Whiteface plans to open Dec. 4
(Editor’s note: This story was updated to include the new opening date.)
Due to warm weather conditions, state Olympic Regional Development Authority officials will open the Whiteface Mountain Ski Center a week later than expected, spokesperson Elise Ruocco said Wednesday, Nov. 25.
“Our snowmaking team has been hard at work, but with the variable forecast this week, we are shifting our anticipated opening day for skiing and riding to Friday, December 4,” Ruocco said in an email.
ORDA CEO Michael Pratt briefed members of the authority’s Board of Directors on Friday, Nov. 20 about when the Wilmington slopes are expected to open and how the authority plans to control the number of people skiing at any one time, in accordance with state public health guidelines. The original opening date was Nov. 27, the day after Thanksgiving, but ORDA officials decided Tuesday afternoon to hold off until colder weather sets in next week.
Snowmaking began at Whiteface on Nov. 17, later than last year due to warmer temperatures in November. A year ago, the ski center opened on Nov. 15.

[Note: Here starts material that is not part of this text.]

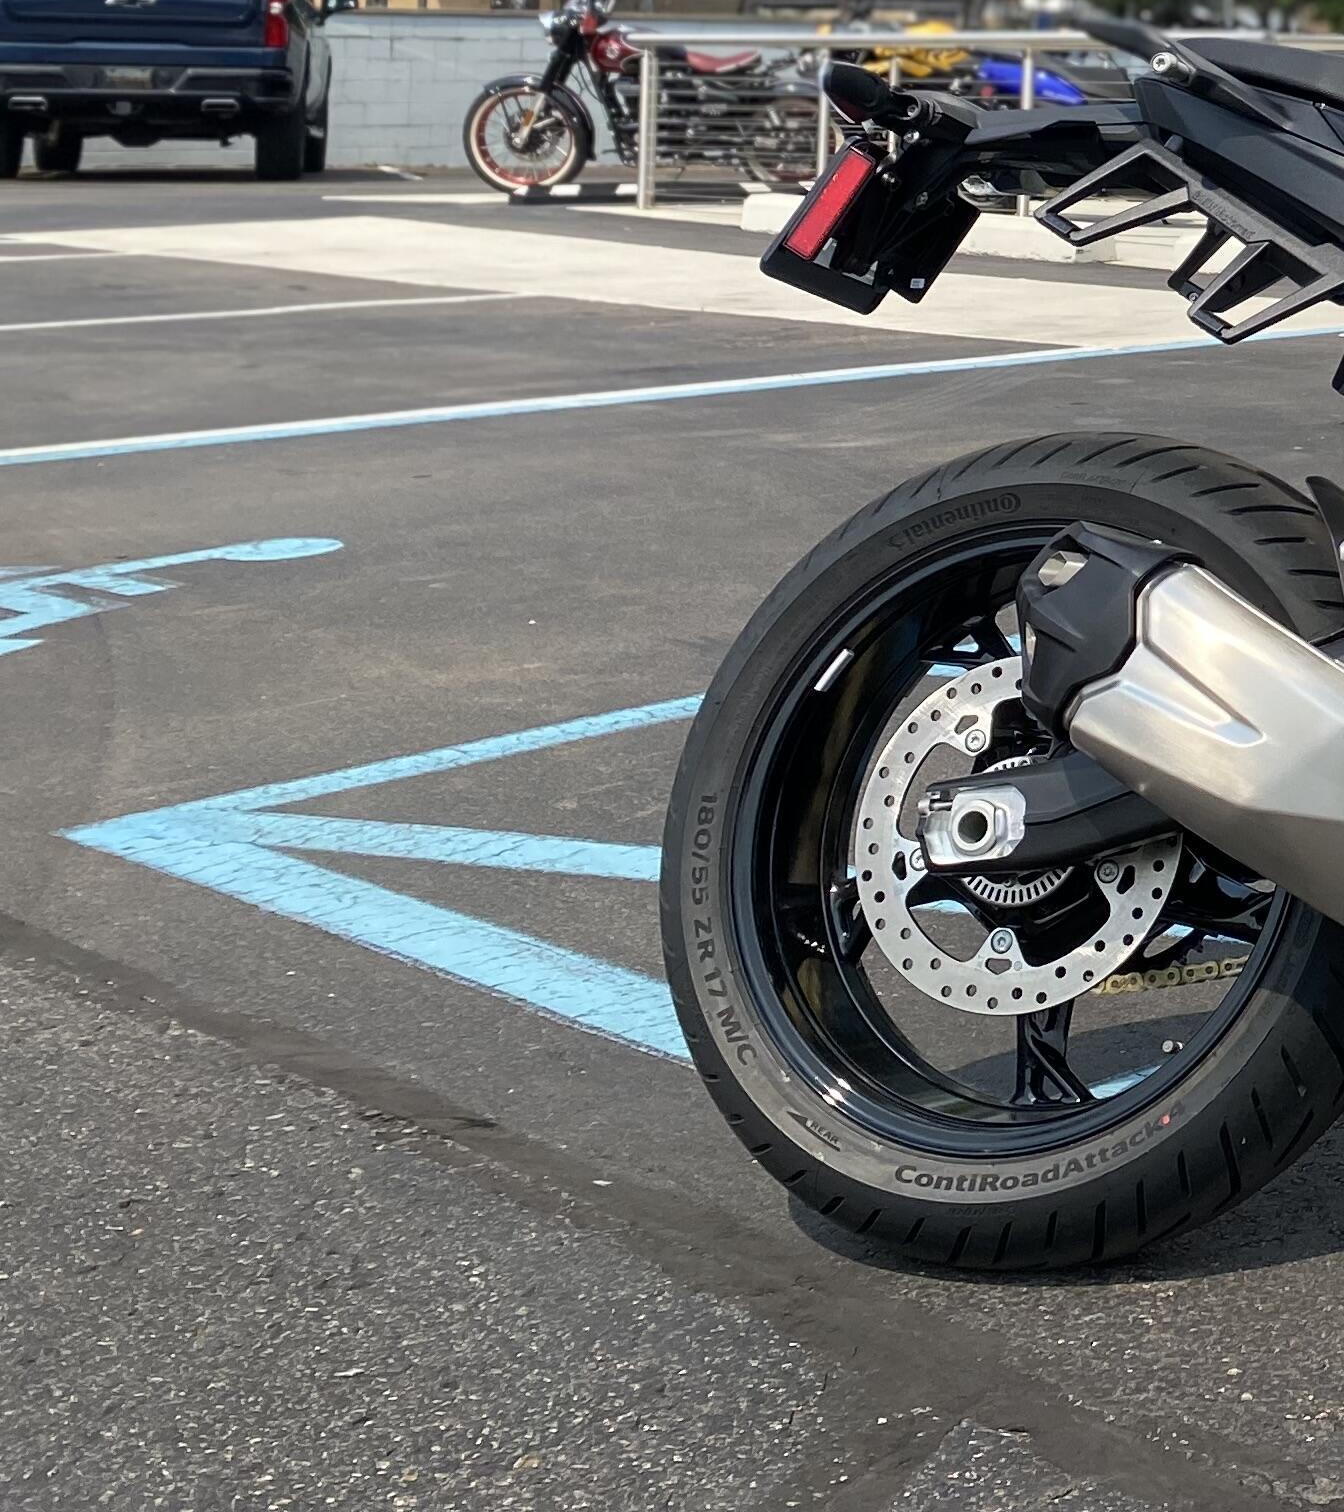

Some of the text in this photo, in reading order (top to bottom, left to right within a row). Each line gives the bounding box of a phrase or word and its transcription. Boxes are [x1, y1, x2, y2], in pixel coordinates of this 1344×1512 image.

[902, 491, 1023, 546] Continental
[690, 792, 718, 906] 180/55
[716, 1007, 759, 1067] M/C

At this time, access to the mountain on Dec. 4-6 will be limited to those who have a season pass or are using the first day of their Frequent Skier Card, according to the ski center’s website. “Availability of additional tickets including e-tickets and Frequent Skier Card reloads will be determined based upon conditions and availability of terrain next week,” the website stated Nov. 25.
Gov. Andrew Cuomo announced Oct. 18 that not only would ski resorts have to reduce indoor capacity by 50%, but they would also have to reduce outdoor capacity by 25% on peak days or when multiple ski trails are closed.
This year, the state-run Whiteface will have a small capacity on opening weekend, because some trails are usually still closed, according to Pratt. Last year, the mountain opened with four trails.
“We’re also starting with a conservative number so we have a good comfort level and we know we can be successful,” he told the ORDA board.
Pratt explained the ways the authority plans to control capacity.
“We’re doing that by limiting our day tickets,” he said. “We’re selling all tickets online through our e-commerce sites. That will also help us with contact tracing.”
Selling day tickets only in advance and online will also give the authority an idea of how many people plan to arrive each day, Pratt said.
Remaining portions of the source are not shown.